Supported GeoJSON Data Types
Point (RFC 7946: 3.1.2)
The following specifies a GeoJSON Point field in a document:
{
"type": "Point",
"coordinates": [75.05687713623047,22.53539059204079]
}A point is a single geographic coordinate, such as the location of a building or the current position given by any Geolocation API. Note : The standard only supports a single way of specifying the coordinates like an array format of longitude followed by latitude. i.e.: [lng, lat].
Linestring (RFC 7946: 3.1.4)
The following specifies a GeoJSON Linestring field in a document:
{
"type": "LineString",
"coordinates": [
[ 77.01416015625, 23.0797317624497],
[ 78.134765625, 20.385825381874263]
]
}A linestring defined by an array of two or more positions. By specifying only two points, the linestring will represent a straight line. Specifying more than two points creates an arbitrary path.
Polygon (RFC 7946: 3.1.6)
The following specifies a GeoJSON Polygon field in a document:
{
"type": "Polygon",
"coordinates": [ [ [ 85.605, 57.207],
[ 86.396, 55.998],
[ 87.033, 56.716],
[ 85.605, 57.207]
] ]
}A polygon is defined by a list of a list of points. The first and last points in each (outer) list must be the same (i.e., the polygon must be closed). And the exterior coordinates have to be in Counter Clockwise Order in a polygon. (CCW) Polygons with holes are also supported. The holes has to follow Clockwise Order for the boundary vertices. For Polygons with a single ring, the ring cannot self-intersect NOTE: The CCW order of vertices is strictly mandated for the geoshapes in Couchbase Server and any violation of this requirement would result in unexpected search results.
MultiPoint (RFC 7946: 3.1.3)
The following specifies a GeoJSON Multipoint field in a document:
{
"type": "MultiPoint",
"coordinates": [
[ -115.8343505859375, 38.45789034424927],
[ -115.81237792968749, 38.19502155795575],
[ -120.80017089843749, 36.54053616262899],
[ -120.67932128906249, 36.33725319397006]
]
}MultiLineString (RFC 7946: 3.1.5)
The following specifies a GeoJSON MultiLineString field in a document:
{
"type": "MultiLineString",
"coordinates": [
[ [ -118.31726074, 35.250105158],[ -117.509765624, 35.3756141] ],
[ [ -118.6962890, 34.624167789],[ -118.317260742, 35.03899204] ],
[ [ -117.9492187, 35.146862906], [ -117.6745605, 34.41144164] ]
]
}MultiPolygon (RFC 7946: 3.1.7)
The following specifies a GeoJSON MultiPolygon field in a document:
{
"type": "MultiPolygon",
"coordinates": [
[ [ [ -73.958, 40.8003 ], [ -73.9498, 40.7968 ],
[ -73.9737, 40.7648 ], [ -73.9814, 40.7681 ],
[ -73.958, 40.8003 ] ] ],
[ [ [ -73.958, 40.8003 ], [ -73.9498, 40.7968 ],
[ -73.9737, 40.7648 ], [ -73.958, 40.8003 ] ] ]
]
}GeometryCollection (RFC 7946: 3.1.8)
The following specifies a GeoJSON GeometryCollection field in a document: A GeometryCollection has a member with the name "geometries". The value of "geometries" is an array. Each element of this array is a GeoJSON Geometry object. It is possible for this array to be empty.

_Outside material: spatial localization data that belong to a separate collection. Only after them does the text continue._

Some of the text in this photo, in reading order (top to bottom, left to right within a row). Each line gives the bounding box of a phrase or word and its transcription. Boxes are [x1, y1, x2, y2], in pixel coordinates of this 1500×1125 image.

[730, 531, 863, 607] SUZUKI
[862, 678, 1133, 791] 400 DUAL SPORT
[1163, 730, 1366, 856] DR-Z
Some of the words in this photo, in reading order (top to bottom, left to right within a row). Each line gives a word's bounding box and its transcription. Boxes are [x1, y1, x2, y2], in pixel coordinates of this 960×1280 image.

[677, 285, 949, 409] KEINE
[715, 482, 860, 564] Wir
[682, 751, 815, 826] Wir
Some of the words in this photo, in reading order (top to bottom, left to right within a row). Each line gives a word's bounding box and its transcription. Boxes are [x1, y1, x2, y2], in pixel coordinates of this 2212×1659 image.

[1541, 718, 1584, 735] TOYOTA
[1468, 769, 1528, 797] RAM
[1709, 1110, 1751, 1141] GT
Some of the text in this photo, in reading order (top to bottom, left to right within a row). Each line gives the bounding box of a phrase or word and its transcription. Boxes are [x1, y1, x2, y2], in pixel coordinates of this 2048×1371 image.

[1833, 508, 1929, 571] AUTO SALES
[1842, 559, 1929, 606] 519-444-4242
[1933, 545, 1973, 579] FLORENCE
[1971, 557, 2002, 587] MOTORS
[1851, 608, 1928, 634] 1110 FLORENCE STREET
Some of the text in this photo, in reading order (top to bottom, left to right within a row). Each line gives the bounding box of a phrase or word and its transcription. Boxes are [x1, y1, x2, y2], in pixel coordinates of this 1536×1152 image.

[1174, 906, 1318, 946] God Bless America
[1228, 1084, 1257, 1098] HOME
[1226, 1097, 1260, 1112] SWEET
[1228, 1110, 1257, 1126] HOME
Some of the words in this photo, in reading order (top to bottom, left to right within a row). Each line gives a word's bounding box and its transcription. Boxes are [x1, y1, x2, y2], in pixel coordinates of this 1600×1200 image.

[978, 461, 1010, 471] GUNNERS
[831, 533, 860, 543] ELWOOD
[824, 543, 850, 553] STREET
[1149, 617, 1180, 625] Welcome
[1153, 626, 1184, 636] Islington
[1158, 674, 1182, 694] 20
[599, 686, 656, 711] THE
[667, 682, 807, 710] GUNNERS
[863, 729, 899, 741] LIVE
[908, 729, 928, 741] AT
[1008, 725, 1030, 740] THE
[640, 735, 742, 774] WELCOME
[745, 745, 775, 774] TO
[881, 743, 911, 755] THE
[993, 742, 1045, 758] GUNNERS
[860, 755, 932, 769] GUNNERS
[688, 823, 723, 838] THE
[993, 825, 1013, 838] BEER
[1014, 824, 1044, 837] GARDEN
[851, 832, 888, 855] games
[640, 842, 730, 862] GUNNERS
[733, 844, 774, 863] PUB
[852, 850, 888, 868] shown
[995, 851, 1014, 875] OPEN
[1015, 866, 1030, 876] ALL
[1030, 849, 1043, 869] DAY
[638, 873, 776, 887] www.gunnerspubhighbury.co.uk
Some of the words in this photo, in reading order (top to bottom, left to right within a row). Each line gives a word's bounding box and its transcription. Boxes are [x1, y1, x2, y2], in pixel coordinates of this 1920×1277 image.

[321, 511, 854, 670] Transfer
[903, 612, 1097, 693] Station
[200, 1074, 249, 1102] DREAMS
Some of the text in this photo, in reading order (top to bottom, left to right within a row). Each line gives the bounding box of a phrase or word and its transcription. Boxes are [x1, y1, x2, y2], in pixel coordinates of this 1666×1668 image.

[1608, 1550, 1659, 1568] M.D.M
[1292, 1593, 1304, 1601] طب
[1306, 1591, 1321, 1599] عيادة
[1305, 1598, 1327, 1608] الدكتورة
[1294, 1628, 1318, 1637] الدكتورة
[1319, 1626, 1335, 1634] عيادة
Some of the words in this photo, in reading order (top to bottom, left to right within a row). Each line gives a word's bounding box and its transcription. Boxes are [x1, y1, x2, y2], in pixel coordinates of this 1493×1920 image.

Unlike the other geometry types described above, a GeometryCollection can be a heterogeneous composition of smaller Geometry objects. For example, a Geometry object in the shape of a lowercase roman "i" can be composed of one point and one LineString. Nested GeometryCollections are invalid.
{
"type": "GeometryCollection",
"geometries": [
{
"type": "MultiPoint",
"coordinates": [
[ -73.9580, 40.8003 ],
[ -73.9498, 40.7968 ],
[ -73.9737, 40.7648 ],
[ -73.9814, 40.7681 ]
]
},
{
"type": "MultiLineString",
"coordinates": [
[ [ -73.96943, 40.78519 ], [ -73.96082, 40.78095 ] ],
[ [ -73.96415, 40.79229 ], [ -73.95544, 40.78854 ] ],
[ [ -73.97162, 40.78205 ], [ -73.96374, 40.77715 ] ],
[ [ -73.97880, 40.77247 ], [ -73.97036, 40.76811 ] ]
]
},
{
"type" : "Polygon",
"coordinates" : [
[ [ 0 , 0 ] , [ 3 , 6 ] , [ 6 , 1 ] , [ 0 , 0 ] ],
[ [ 2 , 2 ] , [ 3 , 3 ] , [ 4 , 2 ] , [ 2 , 2 ] ]
]
}
]
}Envelope (Couchbase specific extension)
Envelope type, which consists of coordinates for upper left and lower right points of the shape to represent a bounding rectangle in the format: [[minLon, maxLat], [maxLon, minLat]].
{
"type": "envelope",
"coordinates": [
[72.83, 18.979],
[78.508, 17.4555]
]
}Circle (Couchbase specific extension)
If the user wishes to cover a circular region over earth’s surface, then they could use this shape. A sample circular shape is as below.
{
"type": "circle",
"coordinates": [75.05687713623047,22.53539059204079],
"radius": "1000m"
}Circle is specified over the center point coordinates along with the radius (or distance).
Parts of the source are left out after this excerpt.